Items from a data source
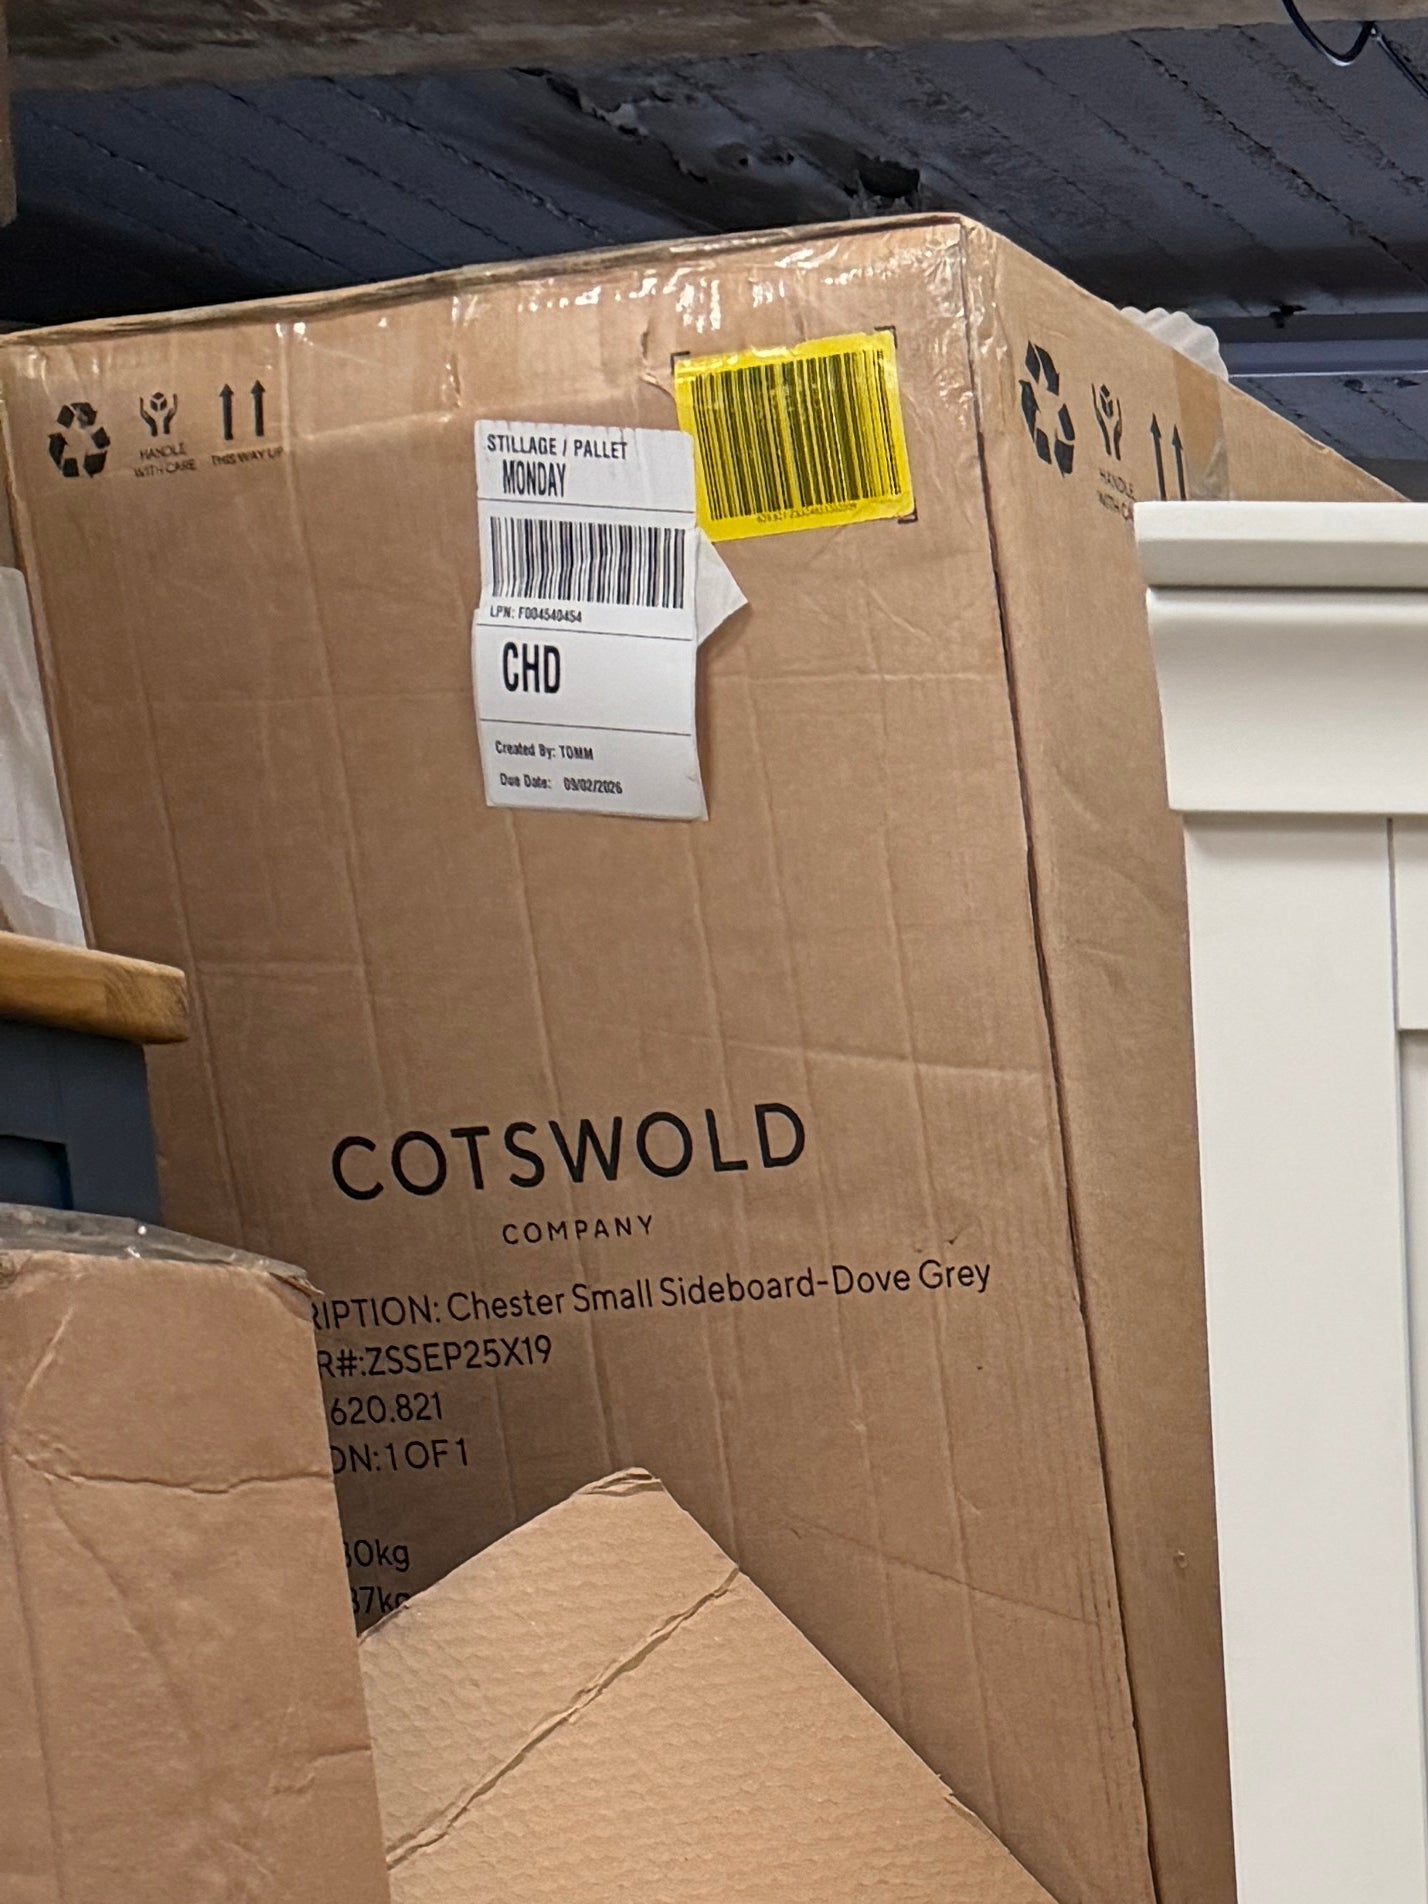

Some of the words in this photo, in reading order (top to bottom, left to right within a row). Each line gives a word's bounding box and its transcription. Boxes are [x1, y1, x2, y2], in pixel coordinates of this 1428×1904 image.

[487, 434, 557, 456] STILLAGE
[562, 440, 568, 456] /
[573, 440, 628, 459] PALLET
[503, 460, 566, 497] MONDAY
[490, 605, 515, 619] LPN:
[503, 642, 561, 693] CHD
[495, 740, 536, 757] Created
[539, 743, 556, 758] By:
[559, 745, 594, 760] TOMM
[500, 773, 520, 787] Due
[524, 774, 551, 789] Date:
[331, 1102, 806, 1201] COTSWOLD
[502, 1215, 652, 1244] COMPANY
[447, 1291, 565, 1322] Chester
[572, 1279, 653, 1312] Small
[659, 1265, 910, 1307] Sideboard-Dove
[918, 1259, 990, 1293] Grey
[330, 1391, 443, 1426] 620.821
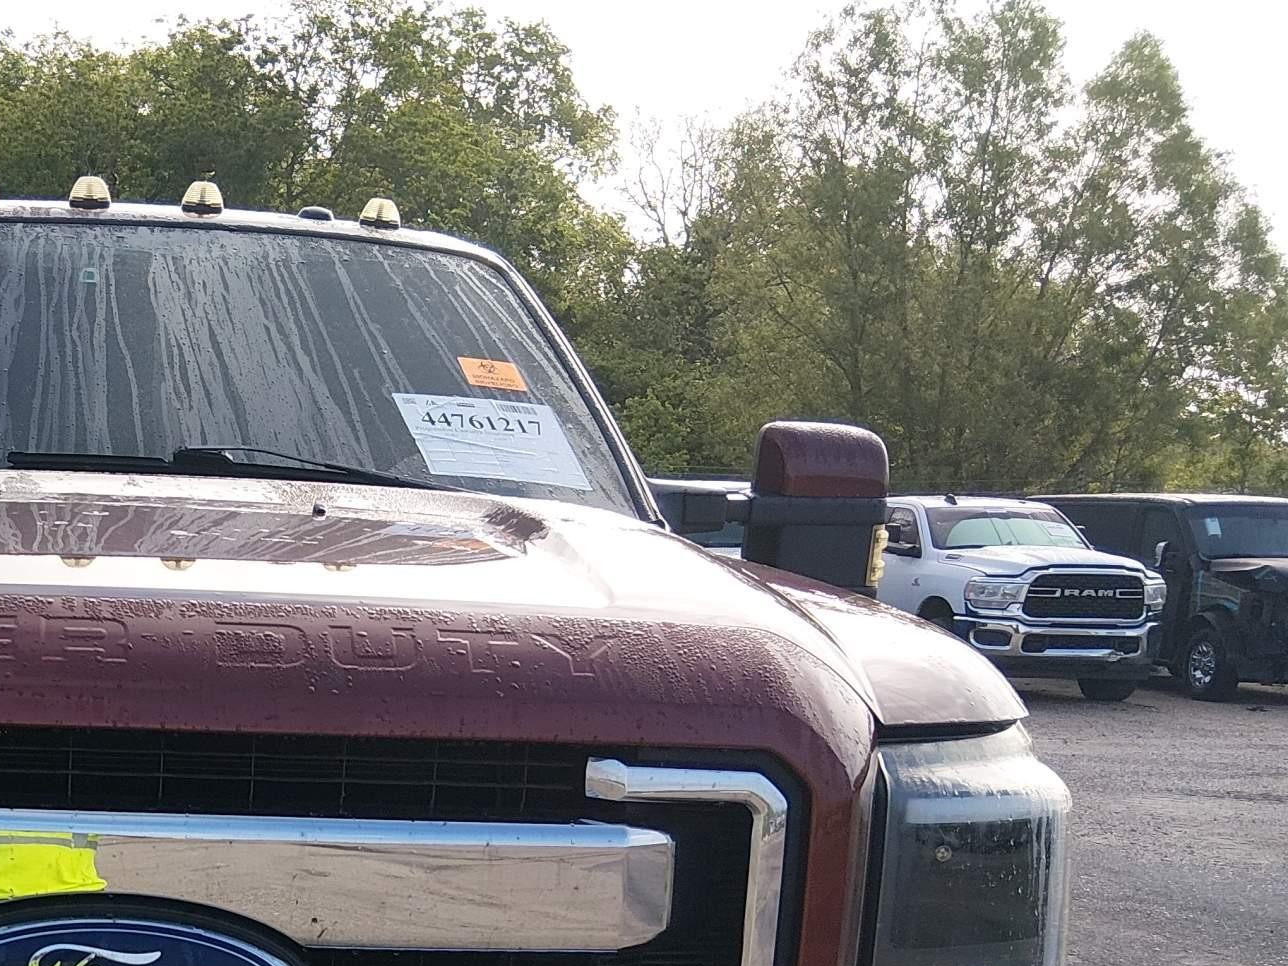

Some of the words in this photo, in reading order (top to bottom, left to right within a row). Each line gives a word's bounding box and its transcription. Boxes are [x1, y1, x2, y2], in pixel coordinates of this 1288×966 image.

[421, 411, 542, 436] 44761217
[1063, 588, 1114, 597] RAM
[213, 620, 623, 677] DUTY
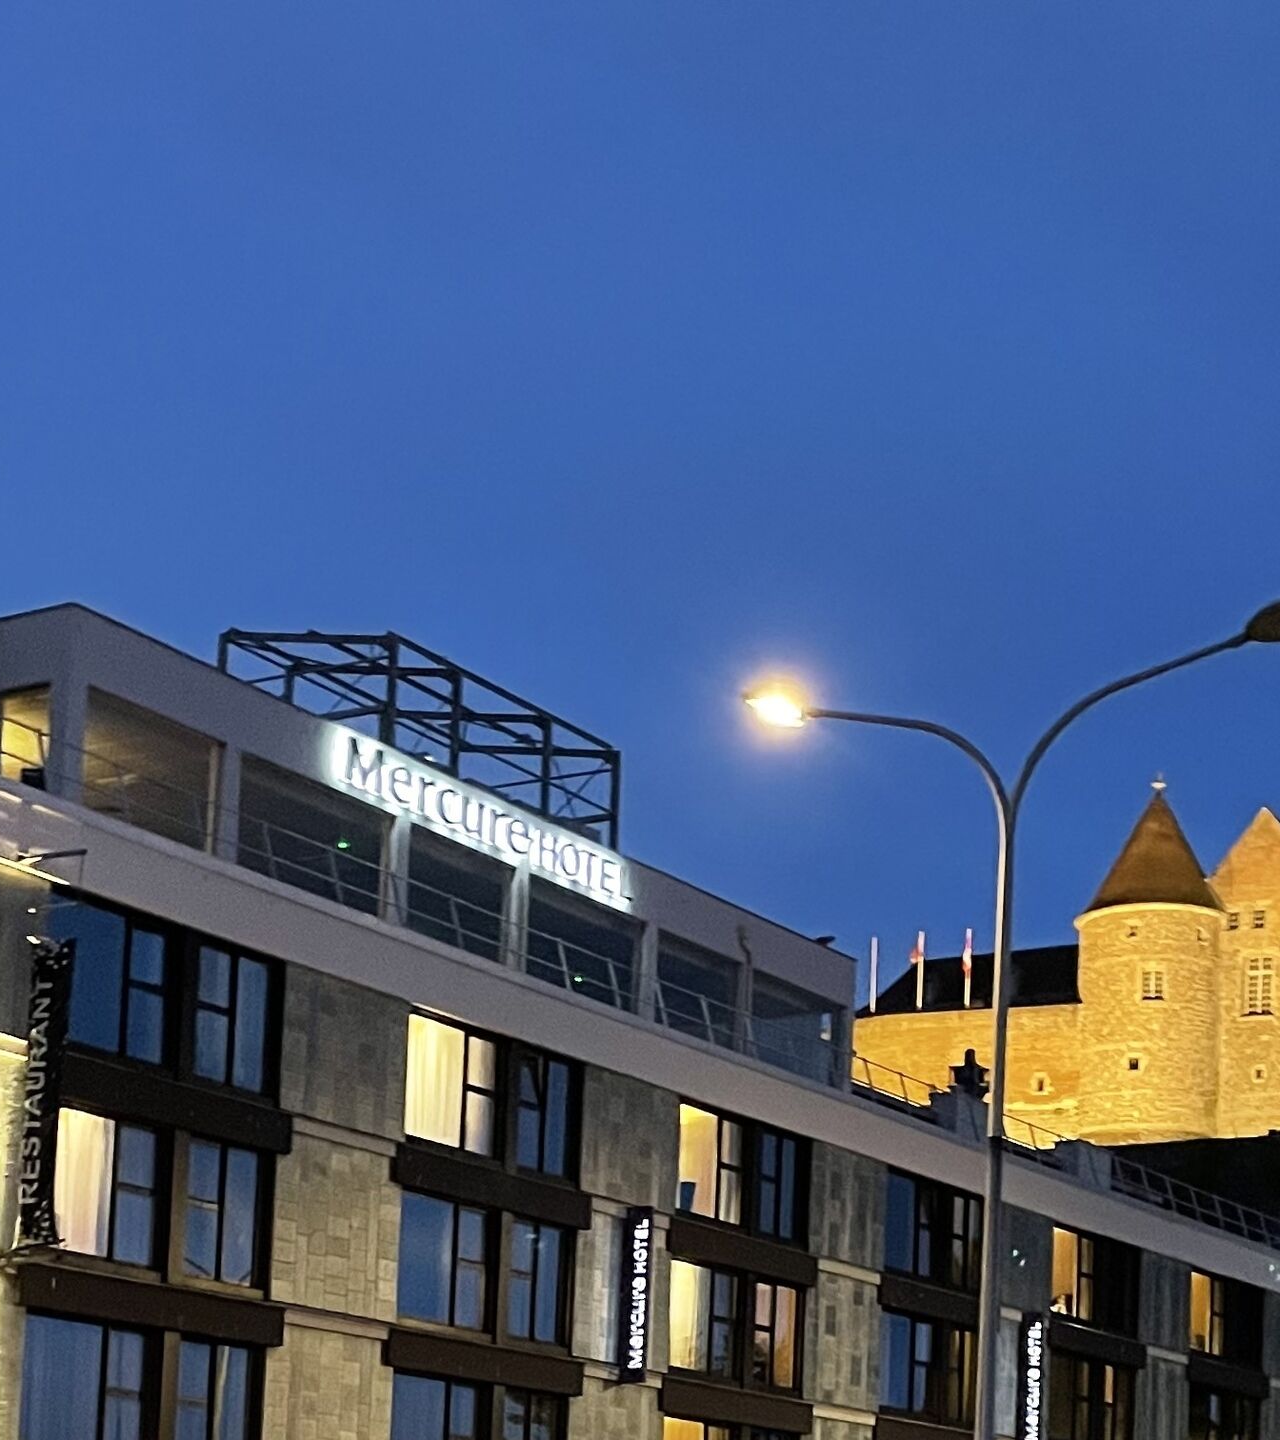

### INSTRUCTIONS TO FOLLOW:
Give back exactly the lines from the line with "this 1288×966 image." through the final line of the entries above, and keep pictures out of the copy.

### EXPECTED ANSWER:
Some of the words in this photo, in reading order (top to bottom, left to right within a row). Each line gives a word's bounding box and its transcription. Boxes are [x1, y1, x2, y2], in pixel coordinates of this 1288×966 image.

[421, 411, 542, 436] 44761217
[1063, 588, 1114, 597] RAM
[213, 620, 623, 677] DUTY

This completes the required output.